| Exercise directions |
Look below for the line containing "this 1280×1707 image.". Reproduce it and every line after it exactly, and nothing more.

| Data supplied |
+--

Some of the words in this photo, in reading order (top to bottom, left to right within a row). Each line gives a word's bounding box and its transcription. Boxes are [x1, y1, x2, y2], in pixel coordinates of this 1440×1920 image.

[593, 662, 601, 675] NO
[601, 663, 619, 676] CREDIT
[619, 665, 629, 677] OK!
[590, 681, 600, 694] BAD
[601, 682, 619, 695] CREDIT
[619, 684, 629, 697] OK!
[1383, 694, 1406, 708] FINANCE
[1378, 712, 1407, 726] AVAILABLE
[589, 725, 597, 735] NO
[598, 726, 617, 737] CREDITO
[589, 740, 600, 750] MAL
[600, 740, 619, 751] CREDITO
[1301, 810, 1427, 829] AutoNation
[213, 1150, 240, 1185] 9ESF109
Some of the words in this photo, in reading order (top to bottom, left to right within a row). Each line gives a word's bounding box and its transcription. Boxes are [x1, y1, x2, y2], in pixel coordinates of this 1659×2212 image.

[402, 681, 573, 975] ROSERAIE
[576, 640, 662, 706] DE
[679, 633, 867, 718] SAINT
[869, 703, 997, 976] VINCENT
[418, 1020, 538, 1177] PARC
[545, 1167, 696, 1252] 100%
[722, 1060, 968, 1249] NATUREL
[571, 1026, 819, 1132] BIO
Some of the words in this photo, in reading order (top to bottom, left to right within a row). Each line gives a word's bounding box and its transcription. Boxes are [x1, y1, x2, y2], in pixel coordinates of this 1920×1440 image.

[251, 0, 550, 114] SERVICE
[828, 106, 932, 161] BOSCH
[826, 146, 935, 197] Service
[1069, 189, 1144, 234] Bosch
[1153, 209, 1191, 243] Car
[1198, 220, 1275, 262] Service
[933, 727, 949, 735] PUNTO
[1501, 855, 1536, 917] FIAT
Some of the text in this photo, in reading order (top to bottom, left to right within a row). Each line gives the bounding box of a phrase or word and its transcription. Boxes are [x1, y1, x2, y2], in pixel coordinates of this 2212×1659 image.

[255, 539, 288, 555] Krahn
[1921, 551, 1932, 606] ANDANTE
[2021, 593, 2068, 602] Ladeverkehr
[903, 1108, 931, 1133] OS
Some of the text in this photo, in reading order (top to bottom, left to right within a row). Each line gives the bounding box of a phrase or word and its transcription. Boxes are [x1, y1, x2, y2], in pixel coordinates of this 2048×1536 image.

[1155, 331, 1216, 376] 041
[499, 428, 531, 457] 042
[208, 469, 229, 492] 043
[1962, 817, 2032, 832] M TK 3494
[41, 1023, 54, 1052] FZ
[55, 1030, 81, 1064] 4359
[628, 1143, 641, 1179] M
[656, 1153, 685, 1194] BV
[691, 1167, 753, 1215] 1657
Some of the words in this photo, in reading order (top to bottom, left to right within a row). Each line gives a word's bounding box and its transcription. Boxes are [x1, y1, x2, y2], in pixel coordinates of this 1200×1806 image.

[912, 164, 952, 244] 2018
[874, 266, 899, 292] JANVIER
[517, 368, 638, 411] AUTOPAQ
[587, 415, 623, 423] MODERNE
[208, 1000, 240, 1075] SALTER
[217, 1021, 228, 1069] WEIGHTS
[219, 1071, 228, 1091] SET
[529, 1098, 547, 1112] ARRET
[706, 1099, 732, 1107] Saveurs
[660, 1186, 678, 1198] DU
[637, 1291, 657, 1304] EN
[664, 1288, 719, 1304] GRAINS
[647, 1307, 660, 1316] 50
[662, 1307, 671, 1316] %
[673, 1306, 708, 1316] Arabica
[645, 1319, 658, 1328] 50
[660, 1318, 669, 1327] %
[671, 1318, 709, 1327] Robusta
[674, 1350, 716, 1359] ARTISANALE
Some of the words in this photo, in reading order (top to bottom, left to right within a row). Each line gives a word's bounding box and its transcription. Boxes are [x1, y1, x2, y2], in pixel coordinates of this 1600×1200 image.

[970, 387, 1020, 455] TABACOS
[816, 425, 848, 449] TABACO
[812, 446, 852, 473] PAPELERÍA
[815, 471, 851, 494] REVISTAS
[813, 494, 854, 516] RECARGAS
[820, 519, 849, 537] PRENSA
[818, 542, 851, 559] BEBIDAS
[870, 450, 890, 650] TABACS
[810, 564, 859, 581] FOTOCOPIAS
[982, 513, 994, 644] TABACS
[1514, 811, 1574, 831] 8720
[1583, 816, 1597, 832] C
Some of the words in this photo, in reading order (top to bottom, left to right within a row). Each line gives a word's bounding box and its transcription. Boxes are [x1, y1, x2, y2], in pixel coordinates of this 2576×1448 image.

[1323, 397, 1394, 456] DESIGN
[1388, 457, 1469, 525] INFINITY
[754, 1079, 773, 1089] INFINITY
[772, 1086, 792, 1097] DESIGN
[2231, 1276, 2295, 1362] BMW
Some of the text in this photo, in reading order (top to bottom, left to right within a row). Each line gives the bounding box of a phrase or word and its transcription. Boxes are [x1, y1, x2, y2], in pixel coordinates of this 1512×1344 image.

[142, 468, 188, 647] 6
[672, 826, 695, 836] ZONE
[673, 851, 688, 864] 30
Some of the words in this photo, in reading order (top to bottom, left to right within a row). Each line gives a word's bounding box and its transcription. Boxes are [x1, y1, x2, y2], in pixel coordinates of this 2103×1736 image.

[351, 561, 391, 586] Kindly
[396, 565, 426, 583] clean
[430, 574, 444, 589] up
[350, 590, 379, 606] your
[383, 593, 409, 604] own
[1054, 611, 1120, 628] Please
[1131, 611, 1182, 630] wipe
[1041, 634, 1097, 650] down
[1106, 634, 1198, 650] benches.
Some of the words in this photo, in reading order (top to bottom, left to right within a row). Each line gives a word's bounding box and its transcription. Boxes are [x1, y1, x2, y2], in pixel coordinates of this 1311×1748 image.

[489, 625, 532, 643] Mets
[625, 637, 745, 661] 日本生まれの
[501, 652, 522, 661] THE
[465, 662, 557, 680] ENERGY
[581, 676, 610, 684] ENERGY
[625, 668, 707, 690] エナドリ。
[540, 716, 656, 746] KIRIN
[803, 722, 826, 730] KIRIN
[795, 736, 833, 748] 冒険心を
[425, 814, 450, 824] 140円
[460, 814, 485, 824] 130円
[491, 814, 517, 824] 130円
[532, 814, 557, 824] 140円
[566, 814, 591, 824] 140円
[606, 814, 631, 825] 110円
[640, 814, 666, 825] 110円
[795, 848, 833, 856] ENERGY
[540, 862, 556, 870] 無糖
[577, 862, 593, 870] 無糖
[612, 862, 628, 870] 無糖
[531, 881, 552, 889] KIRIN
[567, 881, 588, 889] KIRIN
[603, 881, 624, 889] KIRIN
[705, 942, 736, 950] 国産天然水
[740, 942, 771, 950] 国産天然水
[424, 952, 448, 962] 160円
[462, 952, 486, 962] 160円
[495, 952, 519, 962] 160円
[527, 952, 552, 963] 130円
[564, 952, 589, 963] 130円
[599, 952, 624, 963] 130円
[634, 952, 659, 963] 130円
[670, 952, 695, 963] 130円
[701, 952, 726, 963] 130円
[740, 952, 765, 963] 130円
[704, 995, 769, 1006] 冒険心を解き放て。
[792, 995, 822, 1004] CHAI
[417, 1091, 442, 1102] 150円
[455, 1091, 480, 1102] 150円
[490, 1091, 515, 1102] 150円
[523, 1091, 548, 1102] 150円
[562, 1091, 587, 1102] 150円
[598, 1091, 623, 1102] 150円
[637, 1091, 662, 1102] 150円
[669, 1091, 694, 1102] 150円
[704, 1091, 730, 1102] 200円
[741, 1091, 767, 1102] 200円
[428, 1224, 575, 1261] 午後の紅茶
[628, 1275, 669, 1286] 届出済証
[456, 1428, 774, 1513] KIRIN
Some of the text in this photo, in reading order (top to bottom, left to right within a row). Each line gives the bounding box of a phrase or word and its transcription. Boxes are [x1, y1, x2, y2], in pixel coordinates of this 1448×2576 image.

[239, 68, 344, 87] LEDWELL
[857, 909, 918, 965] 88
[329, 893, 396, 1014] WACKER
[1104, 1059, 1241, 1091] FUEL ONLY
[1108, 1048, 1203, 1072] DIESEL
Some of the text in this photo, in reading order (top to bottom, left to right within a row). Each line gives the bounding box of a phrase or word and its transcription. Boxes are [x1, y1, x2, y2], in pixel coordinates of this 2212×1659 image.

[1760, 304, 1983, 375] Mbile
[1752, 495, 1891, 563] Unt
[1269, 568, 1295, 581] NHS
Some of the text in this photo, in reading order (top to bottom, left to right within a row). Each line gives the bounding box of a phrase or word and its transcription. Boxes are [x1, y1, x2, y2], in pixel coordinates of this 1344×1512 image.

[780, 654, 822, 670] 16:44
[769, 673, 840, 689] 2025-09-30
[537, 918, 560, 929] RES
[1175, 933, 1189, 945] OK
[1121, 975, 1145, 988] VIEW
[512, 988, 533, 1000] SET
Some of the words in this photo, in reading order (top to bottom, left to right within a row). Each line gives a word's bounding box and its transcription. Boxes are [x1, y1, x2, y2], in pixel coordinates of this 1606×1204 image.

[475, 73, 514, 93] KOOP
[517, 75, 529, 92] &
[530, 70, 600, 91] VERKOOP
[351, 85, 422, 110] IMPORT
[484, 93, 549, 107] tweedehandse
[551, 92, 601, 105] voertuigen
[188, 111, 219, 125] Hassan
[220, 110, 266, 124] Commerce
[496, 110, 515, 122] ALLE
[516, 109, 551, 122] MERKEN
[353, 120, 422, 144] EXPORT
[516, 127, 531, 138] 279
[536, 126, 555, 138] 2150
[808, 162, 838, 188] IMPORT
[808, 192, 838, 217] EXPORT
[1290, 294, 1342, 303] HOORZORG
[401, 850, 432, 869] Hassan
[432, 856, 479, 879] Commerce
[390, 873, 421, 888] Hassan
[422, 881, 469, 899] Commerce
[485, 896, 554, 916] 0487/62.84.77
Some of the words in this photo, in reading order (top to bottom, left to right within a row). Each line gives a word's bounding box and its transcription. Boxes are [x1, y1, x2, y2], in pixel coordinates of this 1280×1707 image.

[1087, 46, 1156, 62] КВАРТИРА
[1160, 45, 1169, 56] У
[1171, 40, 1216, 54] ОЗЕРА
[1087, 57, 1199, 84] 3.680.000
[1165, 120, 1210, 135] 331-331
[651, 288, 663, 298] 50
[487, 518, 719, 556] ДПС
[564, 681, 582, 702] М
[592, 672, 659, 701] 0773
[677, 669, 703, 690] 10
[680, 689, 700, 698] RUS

+--

| Response to this exercise |
Some of the words in this photo, in reading order (top to bottom, left to right within a row). Each line gives a word's bounding box and its transcription. Boxes are [x1, y1, x2, y2], in pixel coordinates of this 1280×1707 image.

[1087, 46, 1156, 62] КВАРТИРА
[1160, 45, 1169, 56] У
[1171, 40, 1216, 54] ОЗЕРА
[1087, 57, 1199, 84] 3.680.000
[1165, 120, 1210, 135] 331-331
[651, 288, 663, 298] 50
[487, 518, 719, 556] ДПС
[564, 681, 582, 702] М
[592, 672, 659, 701] 0773
[677, 669, 703, 690] 10
[680, 689, 700, 698] RUS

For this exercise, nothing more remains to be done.